YOUR ASSIGNMENT —
Transcribe the records below exactly as they appear, omitting any pictures.

Recorded data:
-*-*-
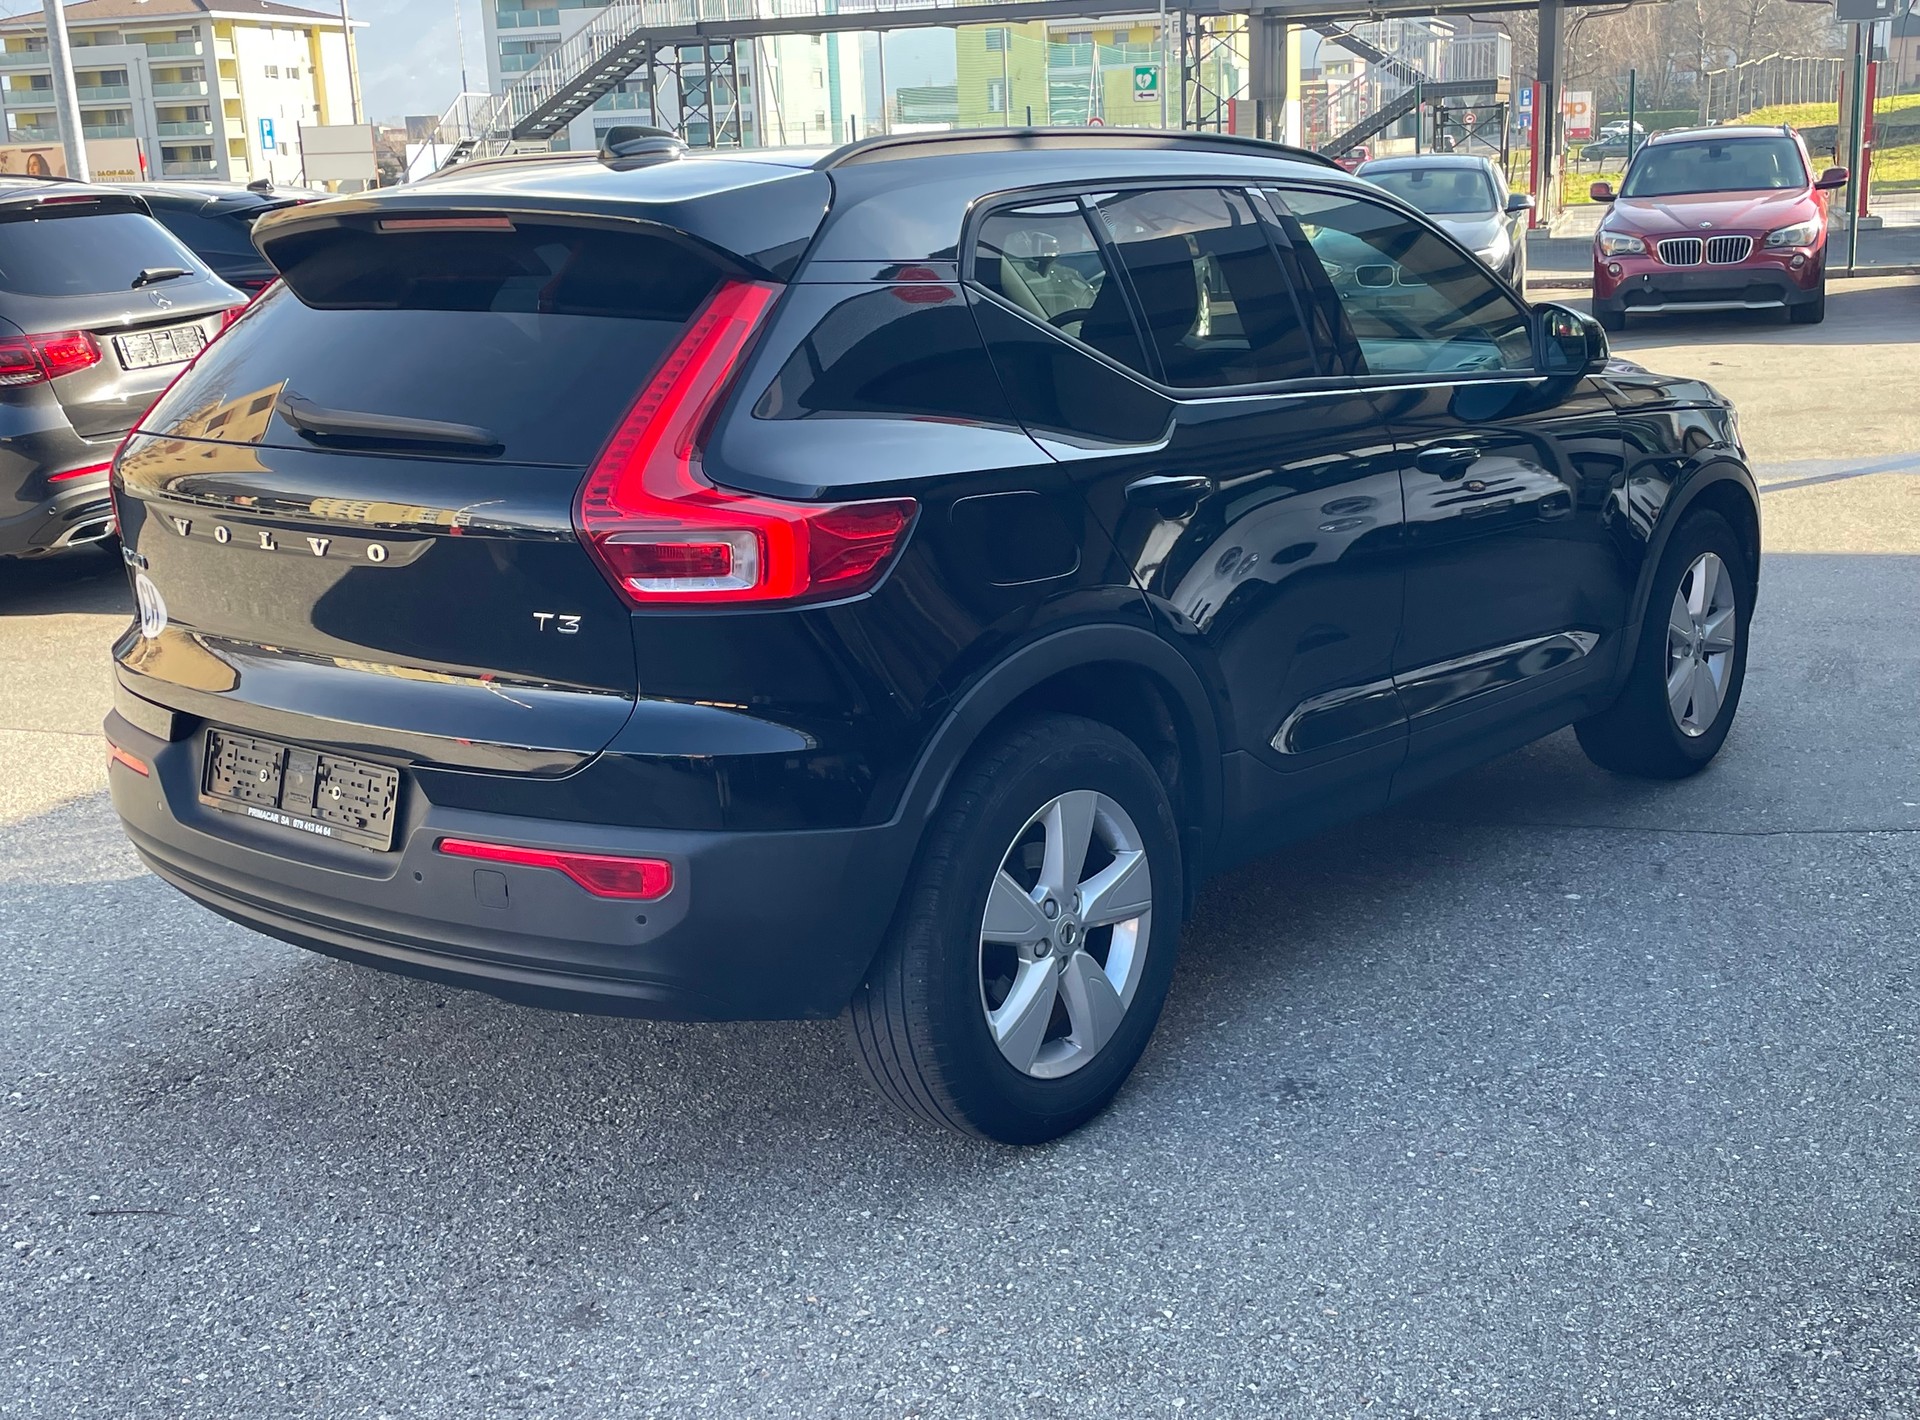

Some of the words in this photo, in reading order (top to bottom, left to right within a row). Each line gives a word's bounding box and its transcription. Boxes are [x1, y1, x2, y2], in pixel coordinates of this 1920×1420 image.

[172, 516, 390, 563] VOLVO
[532, 612, 582, 635] T3
[247, 806, 279, 823] PRIMACAR
[280, 815, 290, 826] SA
[292, 818, 304, 830] 079
[304, 821, 315, 833] 413
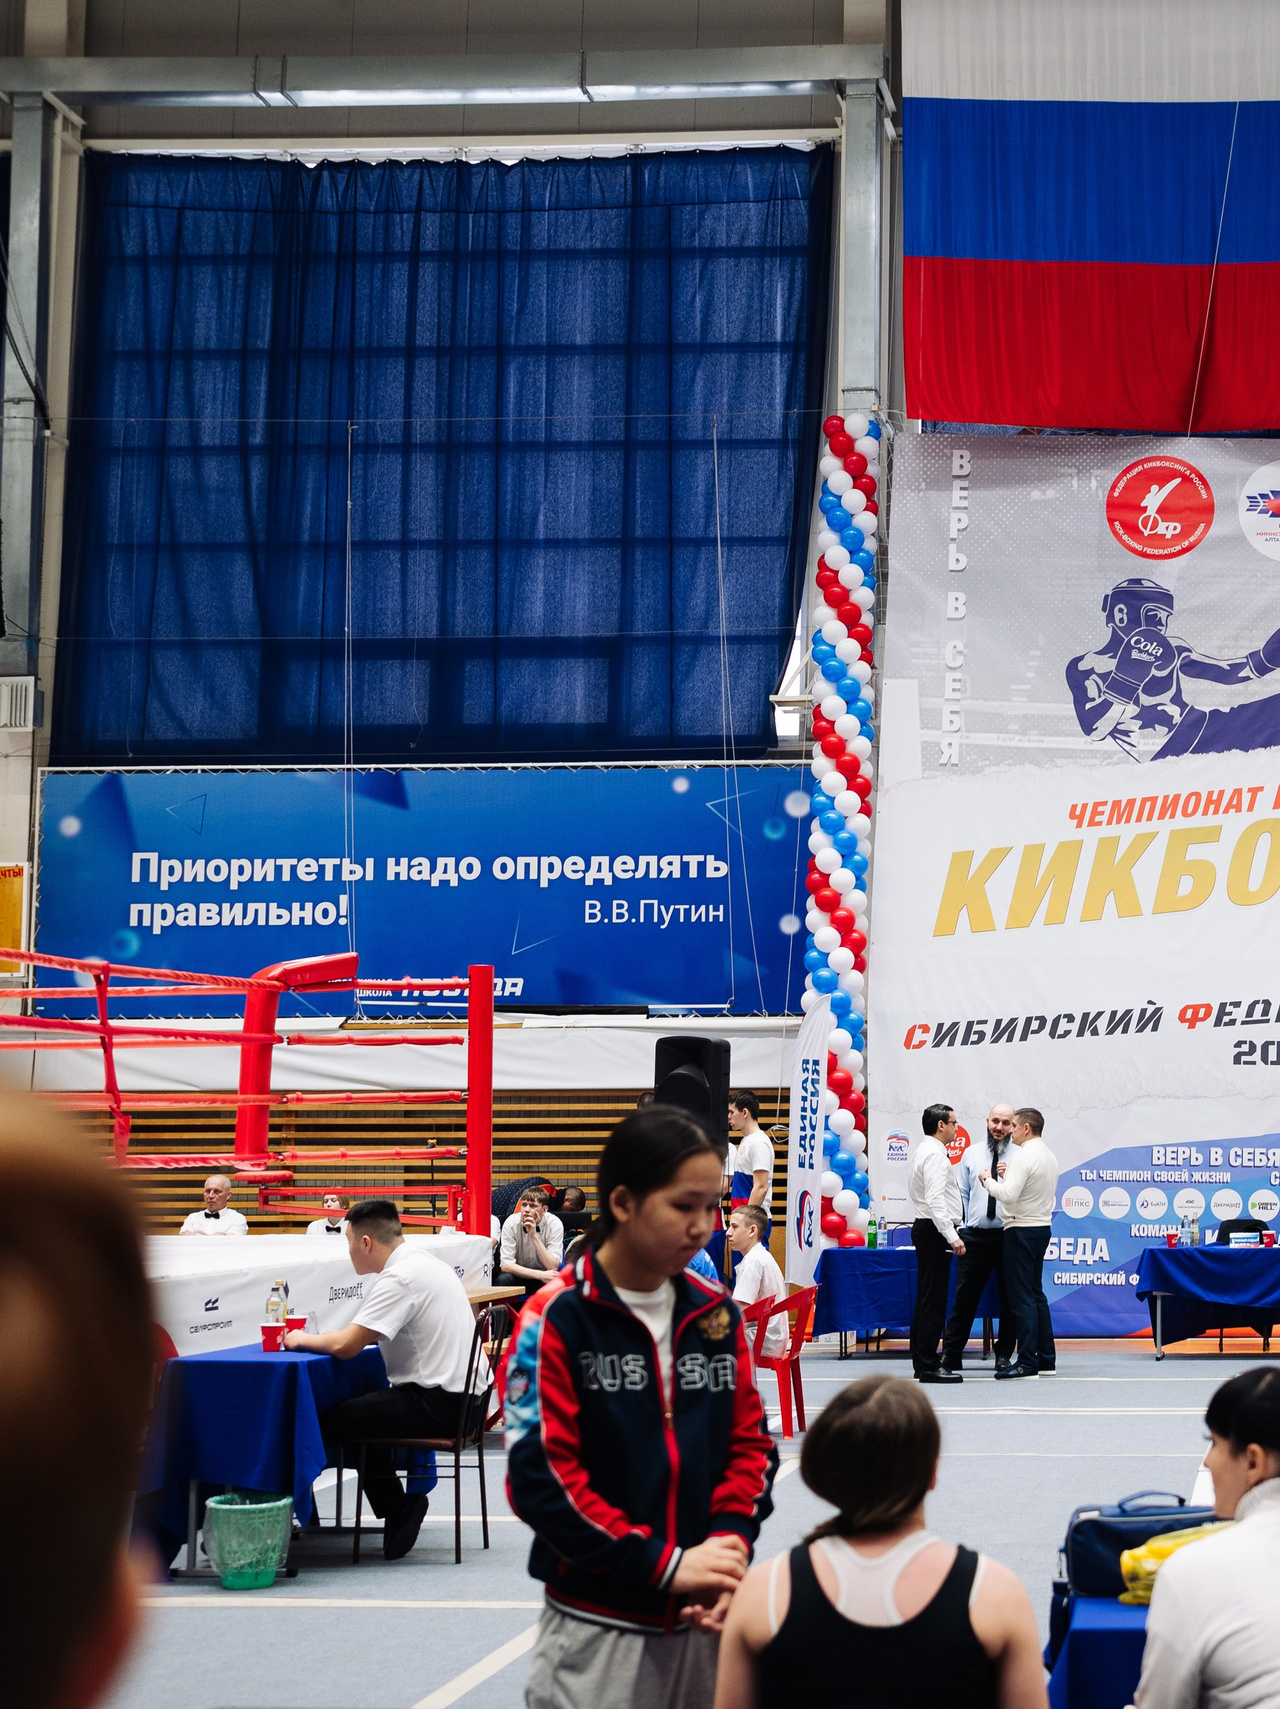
-*-*-
OUTPUT —
Some of the words in this photo, in reading order (top to bottom, left to right within a row). Each line gives a word's bounding box and its transcription. Boxes are [x1, y1, x2, y2], in pixel coordinates of this 1920×1420 image.

[172, 516, 390, 563] VOLVO
[532, 612, 582, 635] T3
[247, 806, 279, 823] PRIMACAR
[280, 815, 290, 826] SA
[292, 818, 304, 830] 079
[304, 821, 315, 833] 413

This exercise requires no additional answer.